Saved entries

****************************************

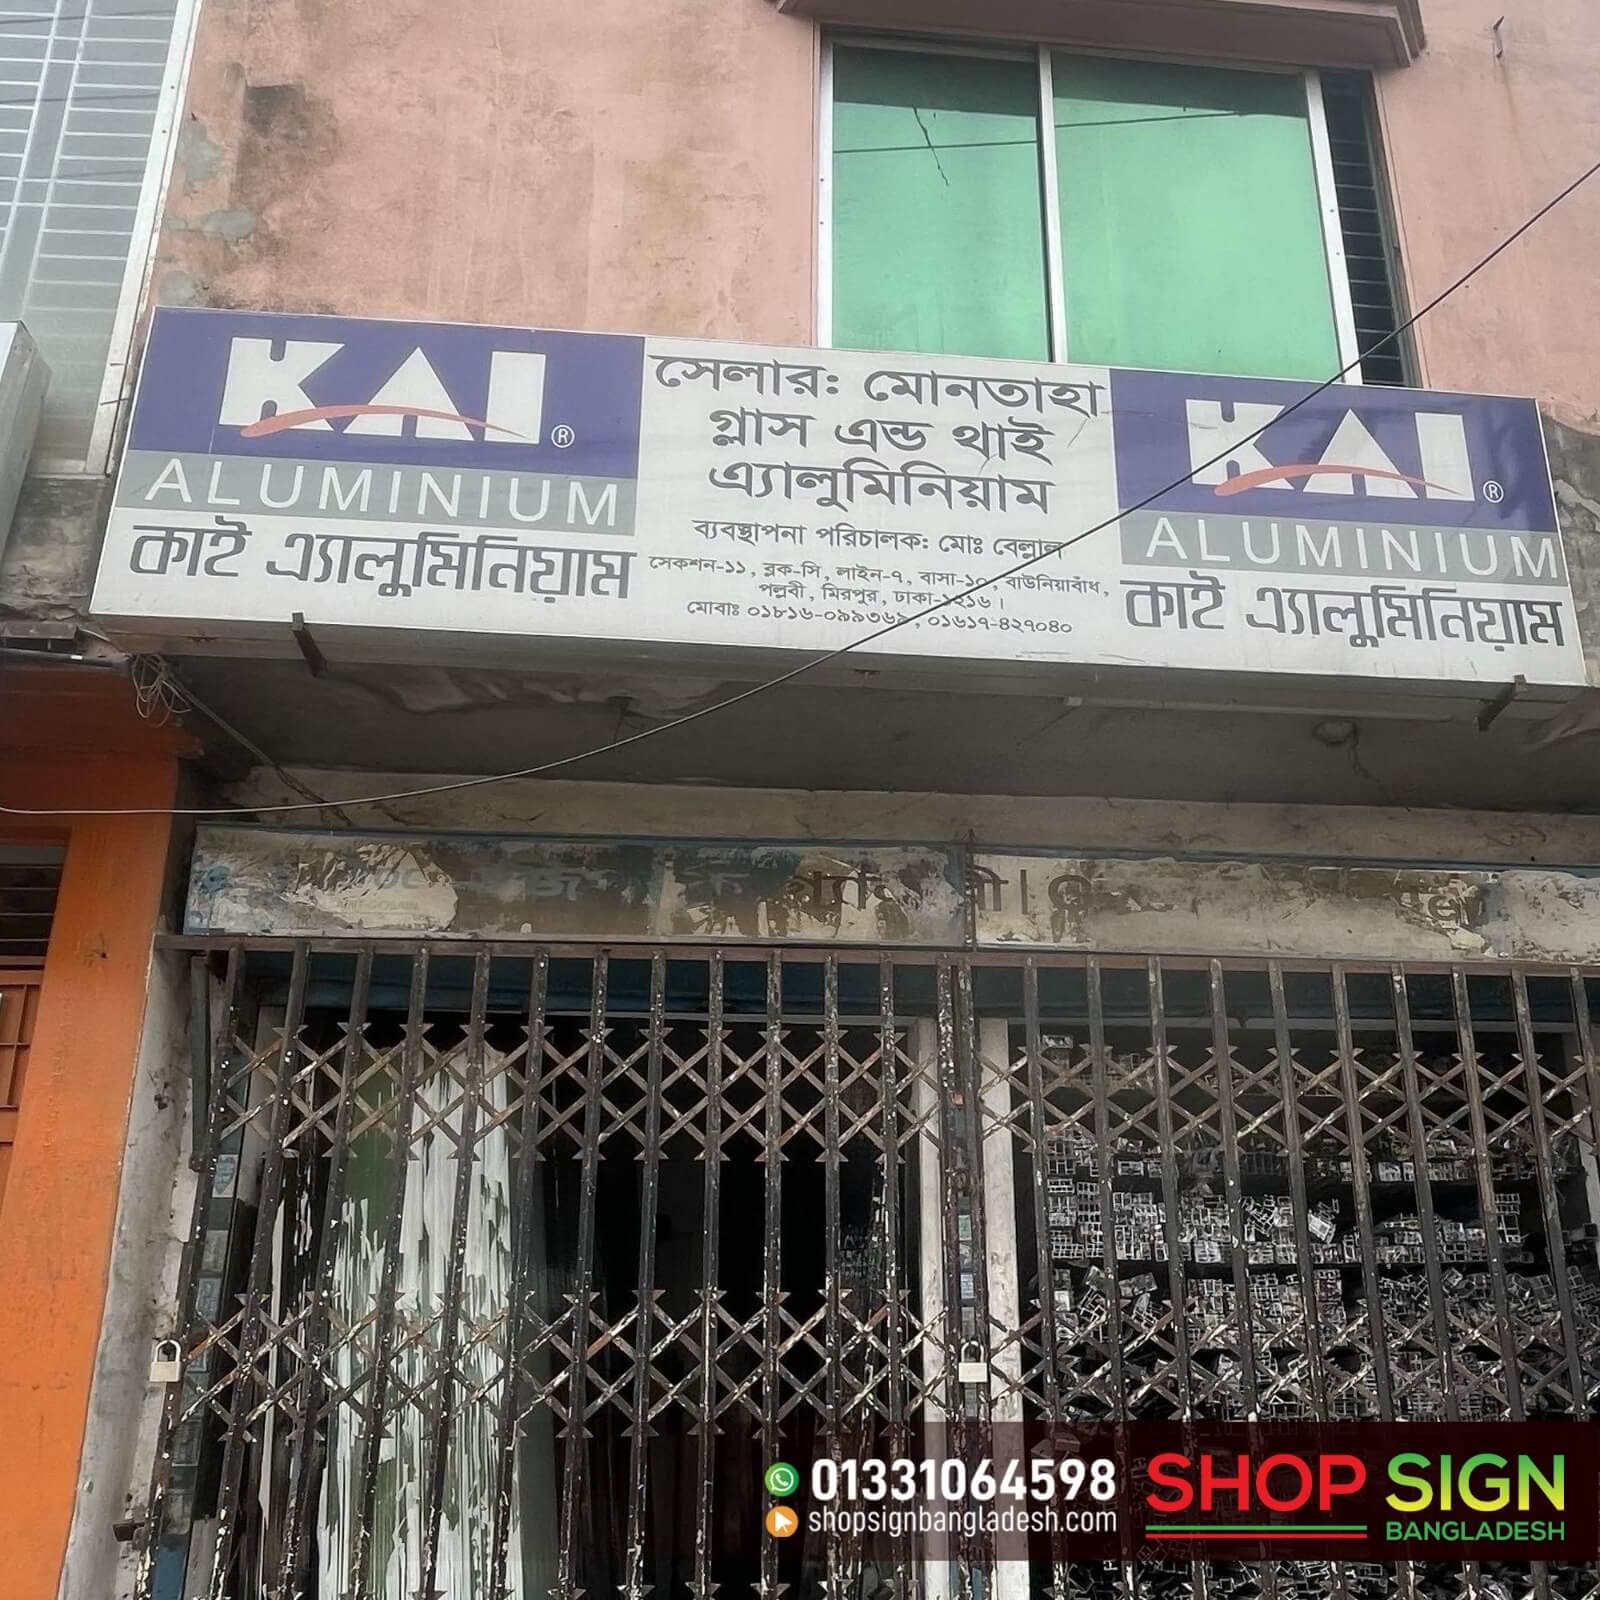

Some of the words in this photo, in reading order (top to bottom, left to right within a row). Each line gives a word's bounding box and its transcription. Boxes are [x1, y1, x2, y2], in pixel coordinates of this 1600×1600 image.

[218, 336, 546, 445] KAI
[864, 370, 1105, 417] মোনতাহা
[709, 407, 816, 447] গ্লাস
[834, 418, 935, 452] এন্ড
[952, 416, 1057, 465] থাই
[1186, 399, 1475, 502] KAI
[145, 457, 618, 527] ALUMINIUM
[129, 515, 252, 577] কাই
[691, 520, 807, 546] ব্যবস্থাপনা
[938, 534, 984, 555] মোঃ
[1146, 517, 1558, 579] ALUMINIUM
[928, 614, 1073, 634] ০১৬১৭-৪২৭০৪০
[1119, 570, 1226, 631] কাই
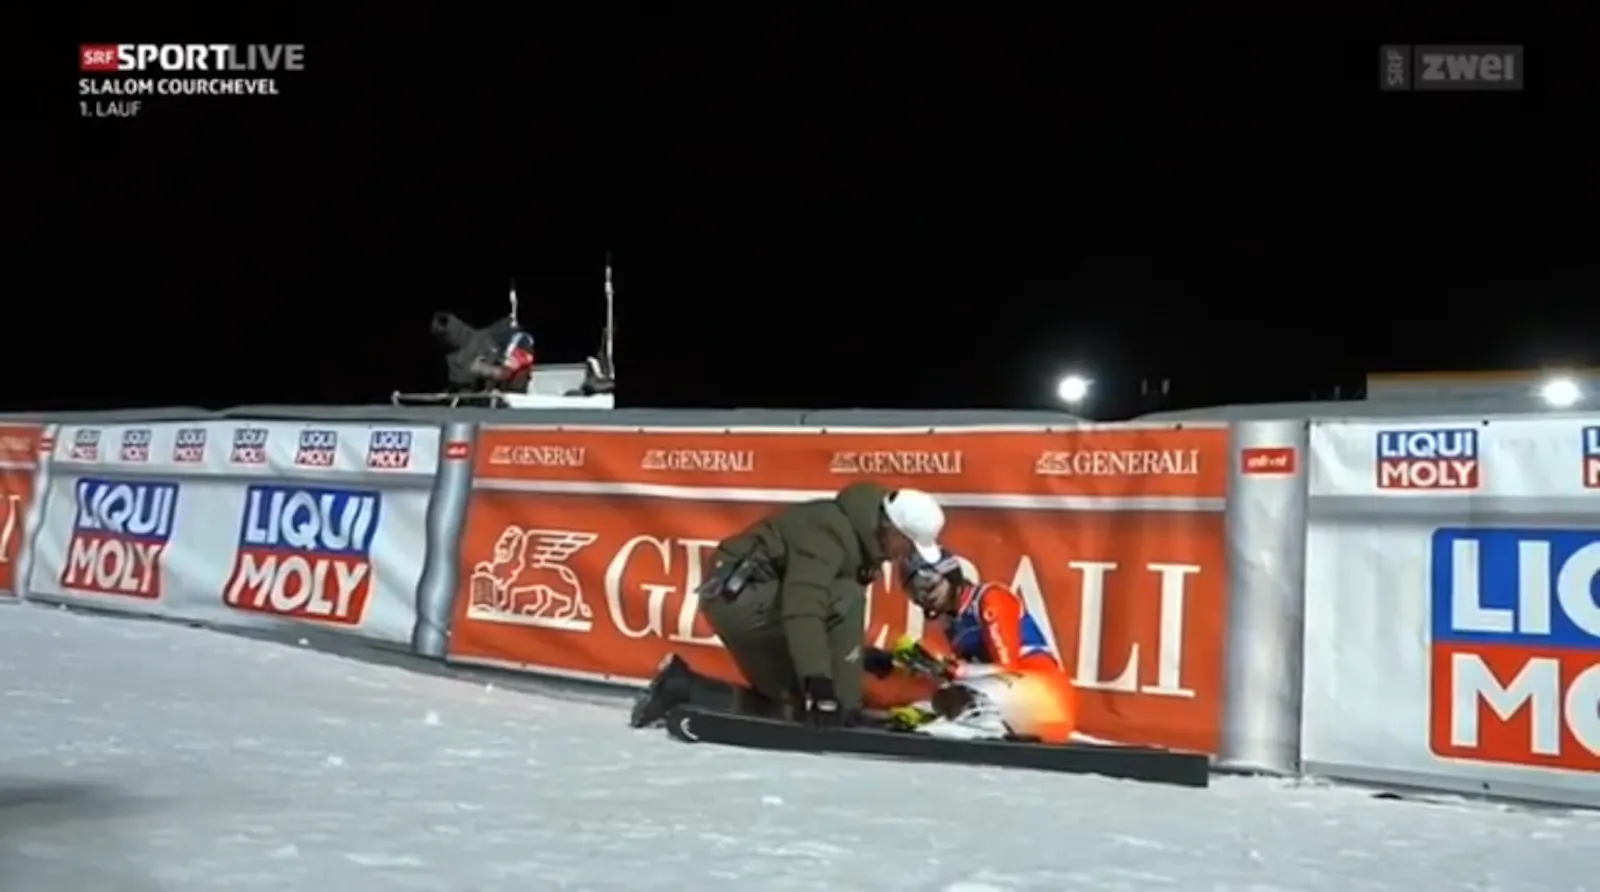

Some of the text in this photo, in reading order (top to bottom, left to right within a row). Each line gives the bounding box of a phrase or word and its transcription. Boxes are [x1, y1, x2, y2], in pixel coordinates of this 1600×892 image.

[511, 447, 585, 466] GENERALI
[1382, 432, 1473, 457] LIQUI
[667, 450, 754, 471] GENERALI
[859, 451, 962, 474] GENERALI
[1073, 450, 1199, 475] GENERALI
[1382, 461, 1475, 486] MOLY
[79, 482, 174, 535] LIQUI
[246, 490, 375, 550] LIQUI
[65, 536, 162, 593] MOLY
[228, 553, 369, 617] MOLY
[604, 534, 1201, 698] GEALI
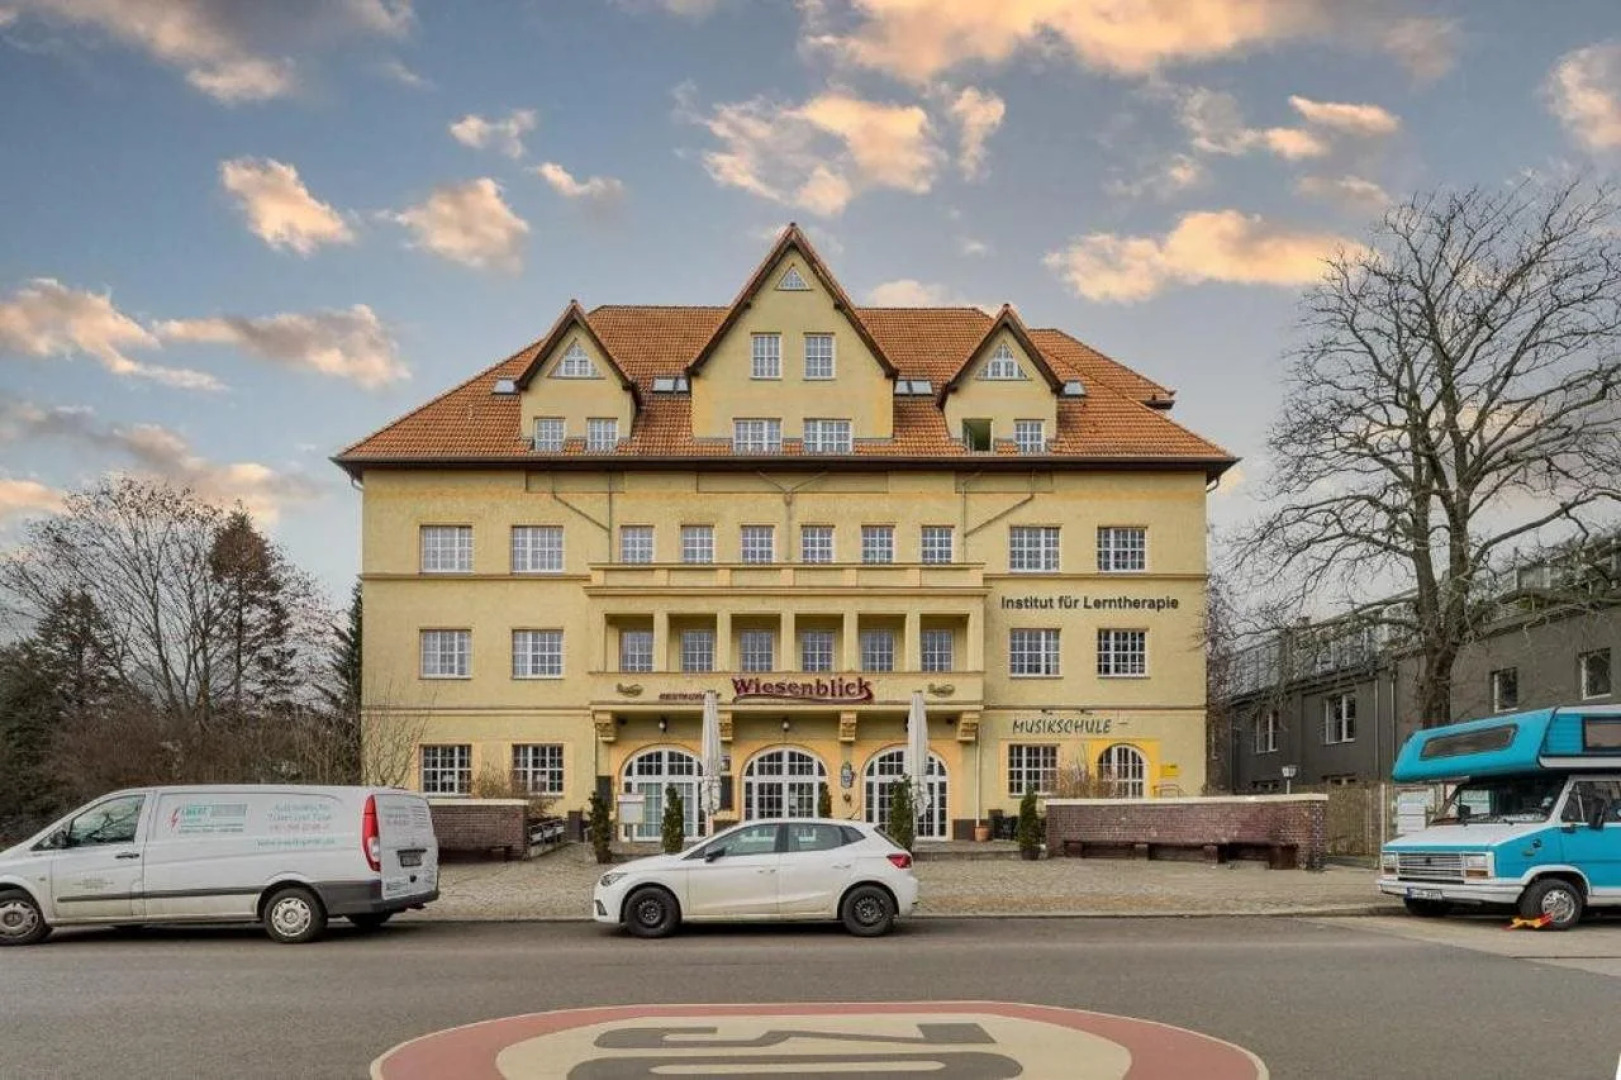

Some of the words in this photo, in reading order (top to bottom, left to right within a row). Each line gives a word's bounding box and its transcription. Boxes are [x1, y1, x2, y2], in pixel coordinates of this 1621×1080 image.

****************************************

- **WHAT THIS TASK INVOLVES**
Leaving the pictures aside, output each entry above exactly as written.

- **TASK SOLUTION**
Some of the words in this photo, in reading order (top to bottom, left to right within a row). Each line gives a word's bounding box and its transcription. Boxes are [x1, y1, x2, y2], in pixel coordinates of this 1600×1600 image.

[218, 336, 546, 445] KAI
[864, 370, 1105, 417] মোনতাহা
[709, 407, 816, 447] গ্লাস
[834, 418, 935, 452] এন্ড
[952, 416, 1057, 465] থাই
[1186, 399, 1475, 502] KAI
[145, 457, 618, 527] ALUMINIUM
[129, 515, 252, 577] কাই
[691, 520, 807, 546] ব্যবস্থাপনা
[938, 534, 984, 555] মোঃ
[1146, 517, 1558, 579] ALUMINIUM
[928, 614, 1073, 634] ০১৬১৭-৪২৭০৪০
[1119, 570, 1226, 631] কাই

Some of the text in this photo, in reading order (top to bottom, left to right within a row). Each line gives the bounding box of a phrase or word and its transcription. Boxes are [x1, y1, x2, y2], in pixel coordinates of this 1600×892 image.

[511, 447, 585, 466] GENERALI
[1382, 432, 1473, 457] LIQUI
[667, 450, 754, 471] GENERALI
[859, 451, 962, 474] GENERALI
[1073, 450, 1199, 475] GENERALI
[1382, 461, 1475, 486] MOLY
[79, 482, 174, 535] LIQUI
[246, 490, 375, 550] LIQUI
[65, 536, 162, 593] MOLY
[228, 553, 369, 617] MOLY
[604, 534, 1201, 698] GEALI

Some of the words in this photo, in reading order (top to bottom, left to right within a row). Each line gives a word's bounding box and its transcription. Boxes are [x1, y1, x2, y2], in pixel coordinates of this 1621×1080 image.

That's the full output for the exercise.